- _Exercise prompt_: Write out every entry exactly as it appears, omitting the pictures.

- _Entries supplied_:
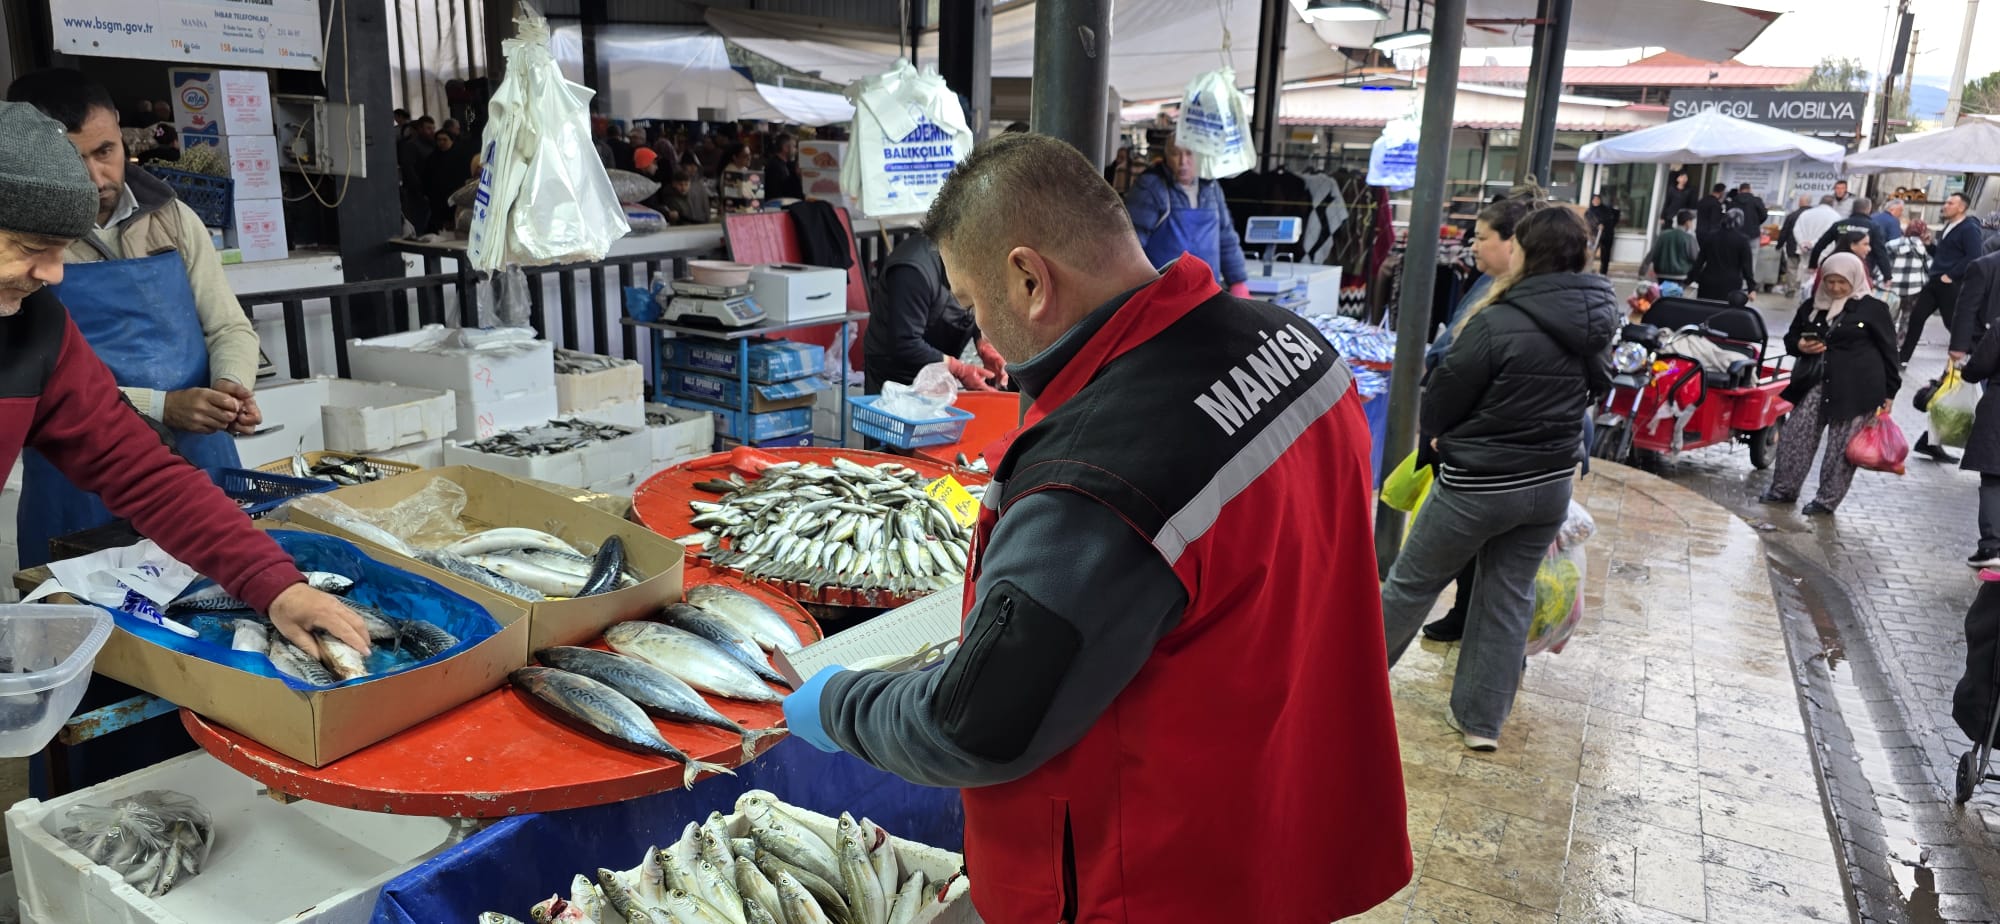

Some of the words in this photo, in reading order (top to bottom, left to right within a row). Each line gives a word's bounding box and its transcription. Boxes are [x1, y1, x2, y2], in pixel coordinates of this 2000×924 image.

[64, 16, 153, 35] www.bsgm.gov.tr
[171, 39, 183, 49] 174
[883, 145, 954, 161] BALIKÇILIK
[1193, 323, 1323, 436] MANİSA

- _Your solution_:
Some of the words in this photo, in reading order (top to bottom, left to right within a row). Each line gives a word's bounding box and its transcription. Boxes are [x1, y1, x2, y2], in pixel coordinates of this 2000×924 image.

[64, 16, 153, 35] www.bsgm.gov.tr
[171, 39, 183, 49] 174
[883, 145, 954, 161] BALIKÇILIK
[1193, 323, 1323, 436] MANİSA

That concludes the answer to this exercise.